## WORK TO BE COMPLETED
What you give back must match the data exactly, minus the pictures.

## DATA FOR THIS EXERCISE
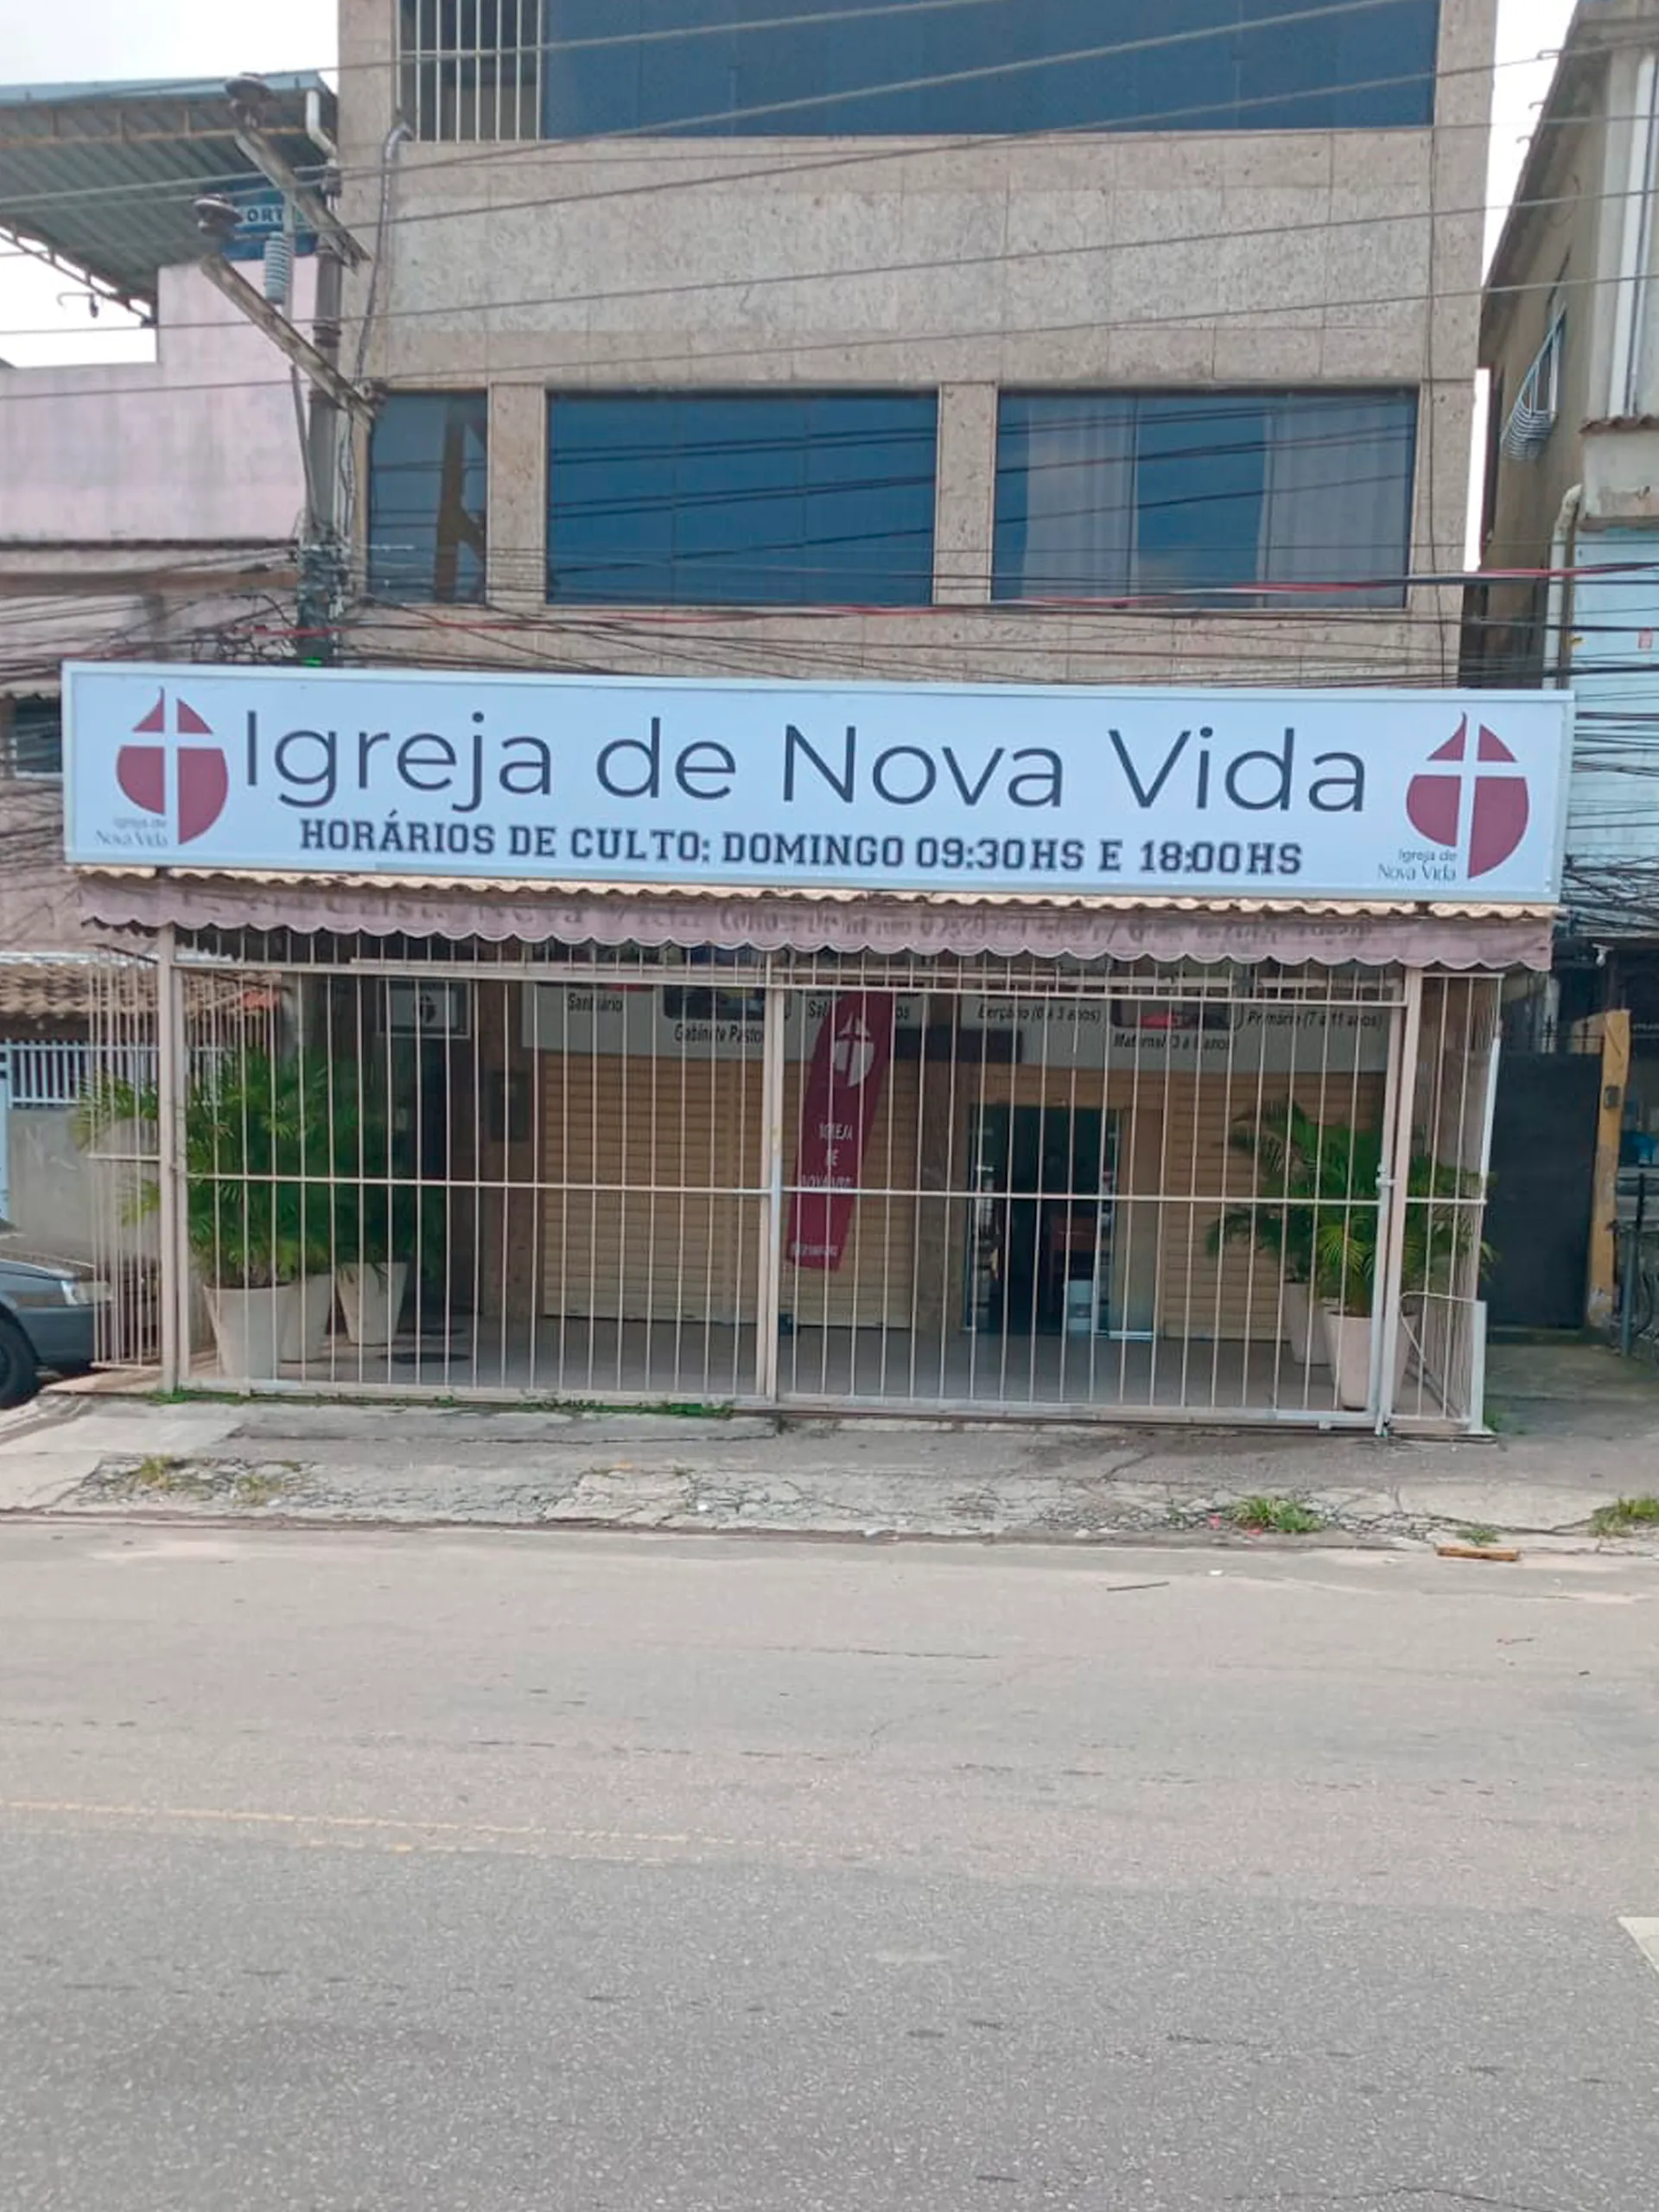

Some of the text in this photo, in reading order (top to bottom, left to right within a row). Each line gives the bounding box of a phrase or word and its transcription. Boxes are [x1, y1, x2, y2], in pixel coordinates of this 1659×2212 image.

[246, 709, 1366, 813] Igreja de Nova Vida
[301, 810, 1303, 874] HORÁRIOS DE CULTO: DOMINGO 09:30HS E 18:00HS
[1398, 849, 1458, 863] Igreja de
[1377, 863, 1457, 881] Nova Vida
[1247, 1010, 1301, 1027] Prmáro
[673, 1022, 728, 1042] Gabinte
[1113, 1033, 1166, 1049] Matrnal
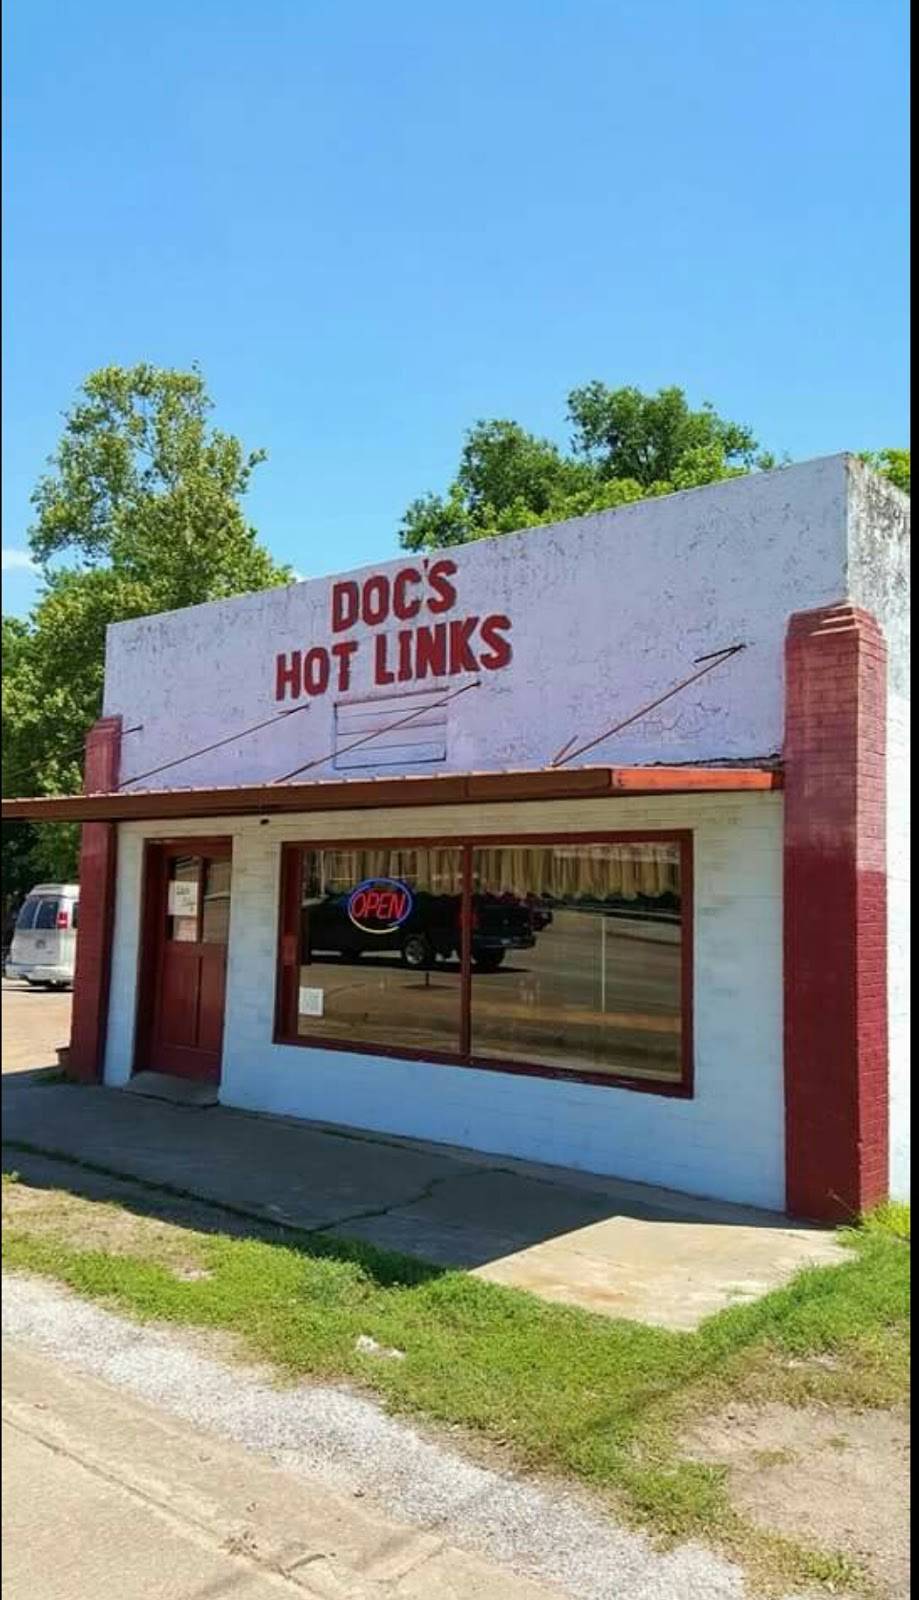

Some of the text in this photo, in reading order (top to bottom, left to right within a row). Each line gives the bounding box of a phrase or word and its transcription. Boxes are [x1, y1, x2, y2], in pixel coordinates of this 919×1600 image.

[332, 559, 457, 633] DOC'S
[275, 614, 513, 701] HOT LINKS
[351, 892, 406, 919] OPEN

## THE COMPLETED TASK
Some of the text in this photo, in reading order (top to bottom, left to right within a row). Each line gives the bounding box of a phrase or word and its transcription. Boxes are [x1, y1, x2, y2], in pixel coordinates of this 1659×2212 image.

[246, 709, 1366, 813] Igreja de Nova Vida
[301, 810, 1303, 874] HORÁRIOS DE CULTO: DOMINGO 09:30HS E 18:00HS
[1398, 849, 1458, 863] Igreja de
[1377, 863, 1457, 881] Nova Vida
[1247, 1010, 1301, 1027] Prmáro
[673, 1022, 728, 1042] Gabinte
[1113, 1033, 1166, 1049] Matrnal

Some of the text in this photo, in reading order (top to bottom, left to right within a row). Each line gives the bounding box of a phrase or word and its transcription. Boxes are [x1, y1, x2, y2], in pixel coordinates of this 919×1600 image.

[332, 559, 457, 633] DOC'S
[275, 614, 513, 701] HOT LINKS
[351, 892, 406, 919] OPEN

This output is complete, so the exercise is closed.